## WORK REQUEST
In the listing that follows, print every line exactly and leave the images out.

-*-

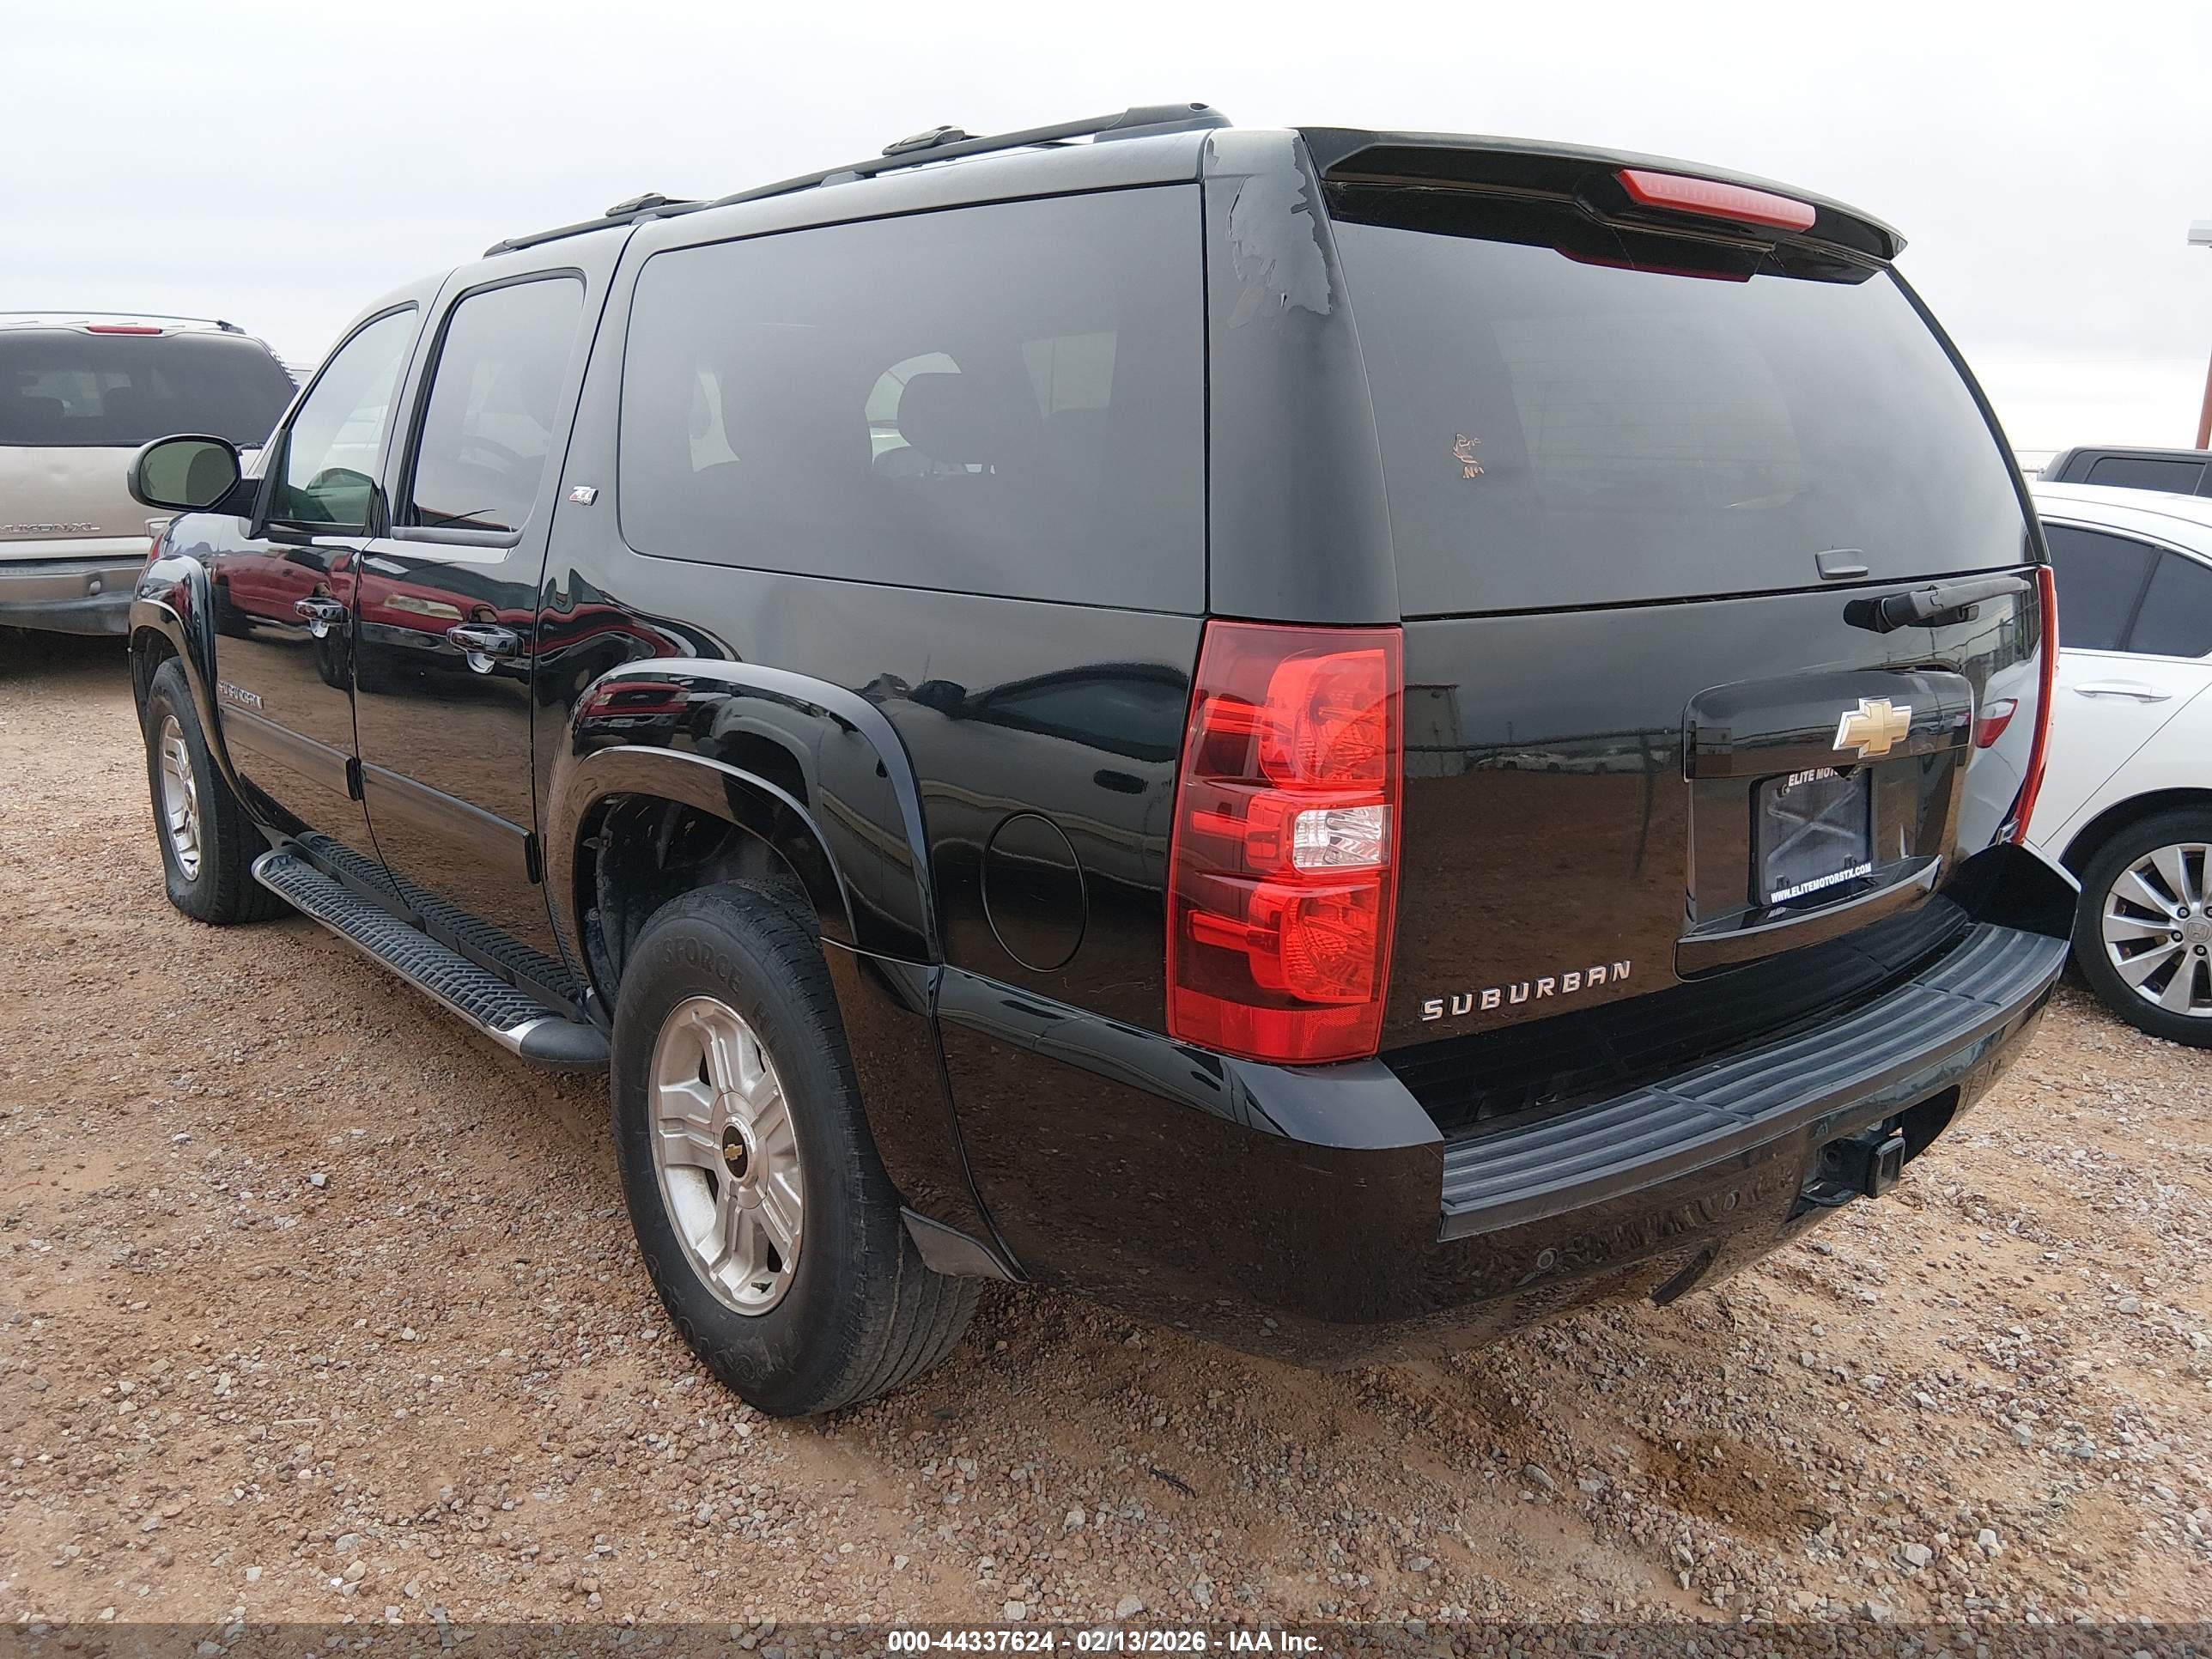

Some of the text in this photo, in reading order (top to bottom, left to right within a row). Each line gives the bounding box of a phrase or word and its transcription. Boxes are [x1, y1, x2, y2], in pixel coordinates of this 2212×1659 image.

[70, 522, 100, 532] XL
[1788, 769, 1816, 787] ELITE
[1771, 862, 1872, 904] WWW.ELITEMOTORSTX.COM
[1421, 960, 1631, 1022] SUBURBAN

-*-

## YOUR SOLUTION
Some of the text in this photo, in reading order (top to bottom, left to right within a row). Each line gives the bounding box of a phrase or word and its transcription. Boxes are [x1, y1, x2, y2], in pixel coordinates of this 2212×1659 image.

[70, 522, 100, 532] XL
[1788, 769, 1816, 787] ELITE
[1771, 862, 1872, 904] WWW.ELITEMOTORSTX.COM
[1421, 960, 1631, 1022] SUBURBAN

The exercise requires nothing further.